The main components are:
* **Comparison Functions:**
* `nat_lex_cmp`, `nat_lex_cmp_ignore` (for `&str`)
* `nat_lex_byte_cmp`, `nat_lex_byte_cmp_ignore` (for `&[u8]`)
* **Sorting Functions:**
* `nat_lex_sort`, `nat_lex_sort_ignore_case` (for `&[T: AsRef<str>]`)
* `nat_lex_sort_bytes`, `nat_lex_sort_bytes_ignore_case` (for `&[&[u8]]`)
* **Wrapper Type:**
* `NatLexOrderedString` (owning `String` wrapper using `nat_lex_cmp`)
## Behavior Notes
* **Case-Insensitive Tie-Breaking:** When comparing items of the same length using the `_ignore_case` variants, if the items are identical ignoring case (e.g., `"FileA"` vs `"filea"`), a standard **case-sensitive** comparison (`a.cmp(b)`) is used as a tie-breaker to ensure a stable, total order.

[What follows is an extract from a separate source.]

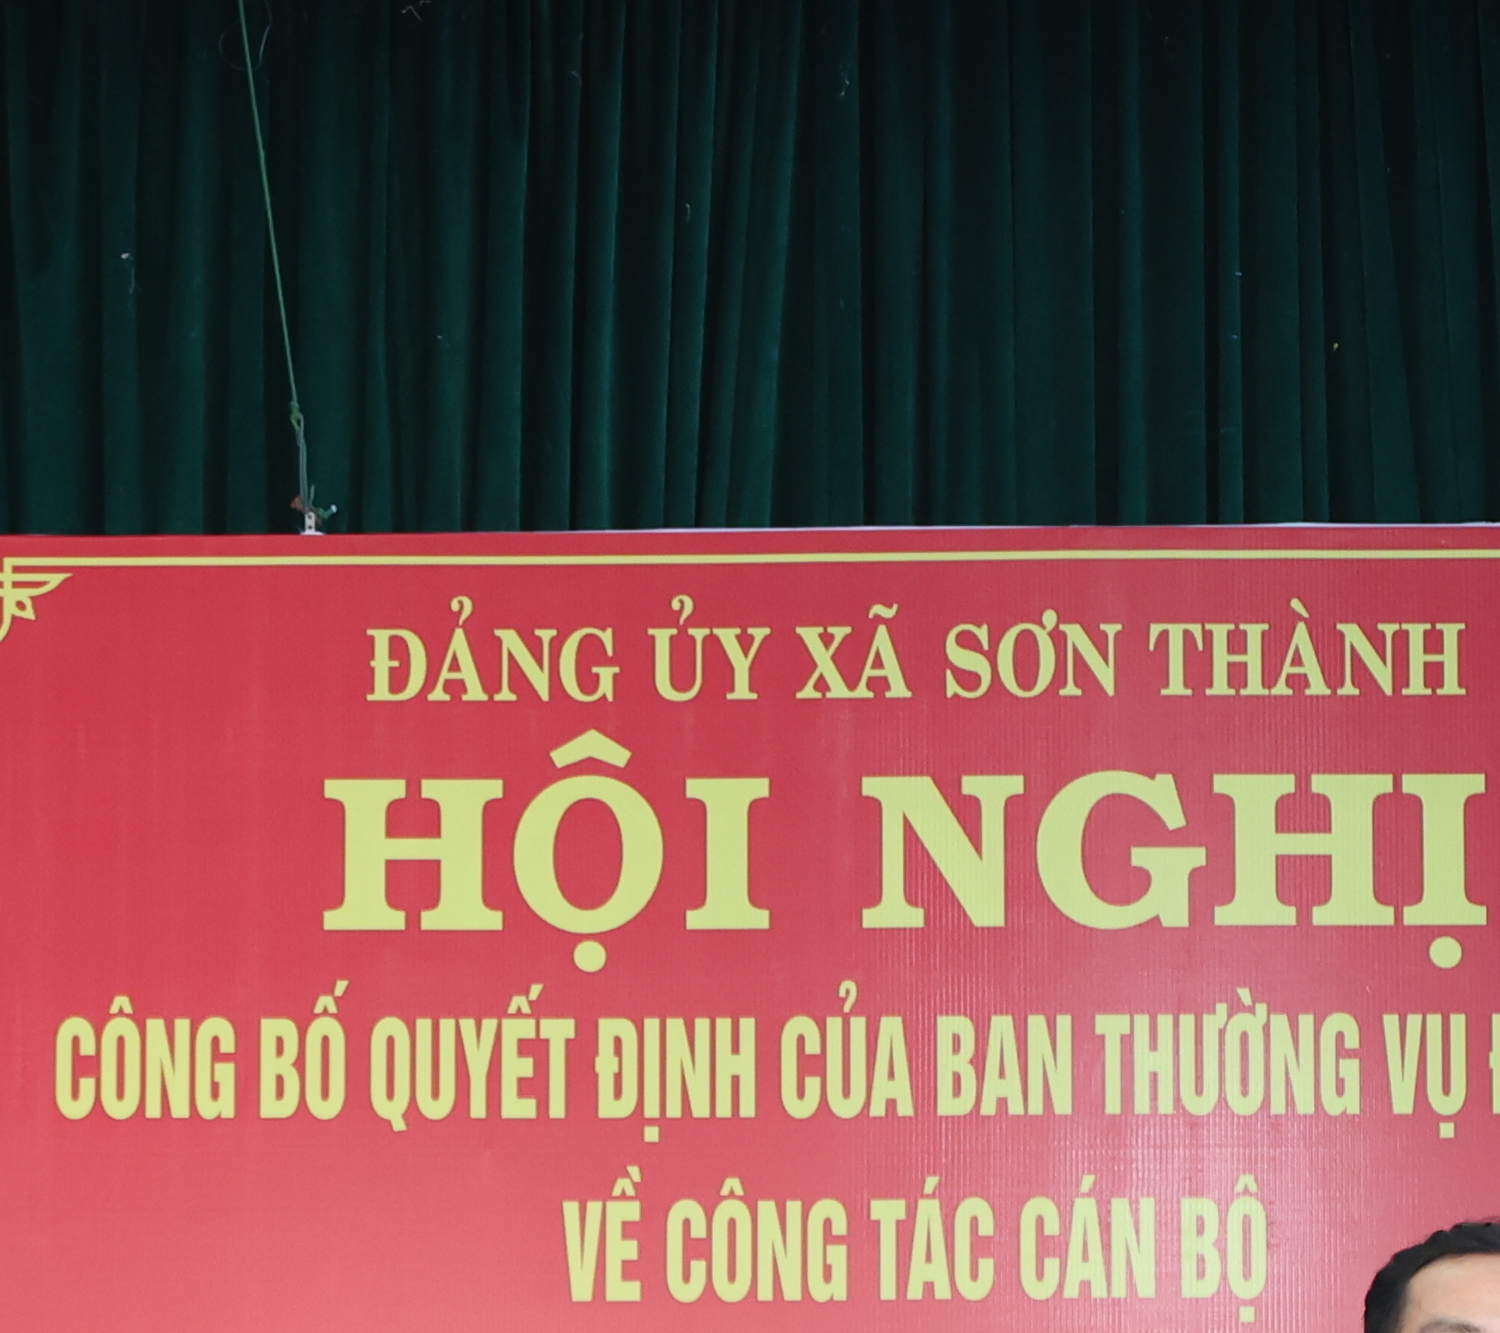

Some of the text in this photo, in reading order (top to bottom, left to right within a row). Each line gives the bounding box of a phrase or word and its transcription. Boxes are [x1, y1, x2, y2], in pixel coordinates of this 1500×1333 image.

* **Byte Slice Logic:** The byte comparison functions (`nat_lex_byte_cmp`, `nat_lex_byte_cmp_ignore`) implement custom natural sorting logic suitable for ASCII text with embedded numbers. See the documentation for details. Behavior with non-ASCII bytes in the natural sorting path might be less predictable than the `&str` versions which use `natord`.
## License
This project is licensed under the [Mozilla Public License Version 2.0](https://opensource.org/licenses/MPL-2.0) (MPL-2.0).
## Contributing
Contributions are welcome! Please feel free to open an issue for bugs, feature requests, or questions. If you'd like to submit a pull request, please open an issue first to discuss the proposed changes.
When contributing, please ensure:
* Code is formatted using `cargo fmt`.
* Tests pass (`cargo test`).
* New functionality includes relevant tests.
* Clippy lints are addressed (`cargo clippy`).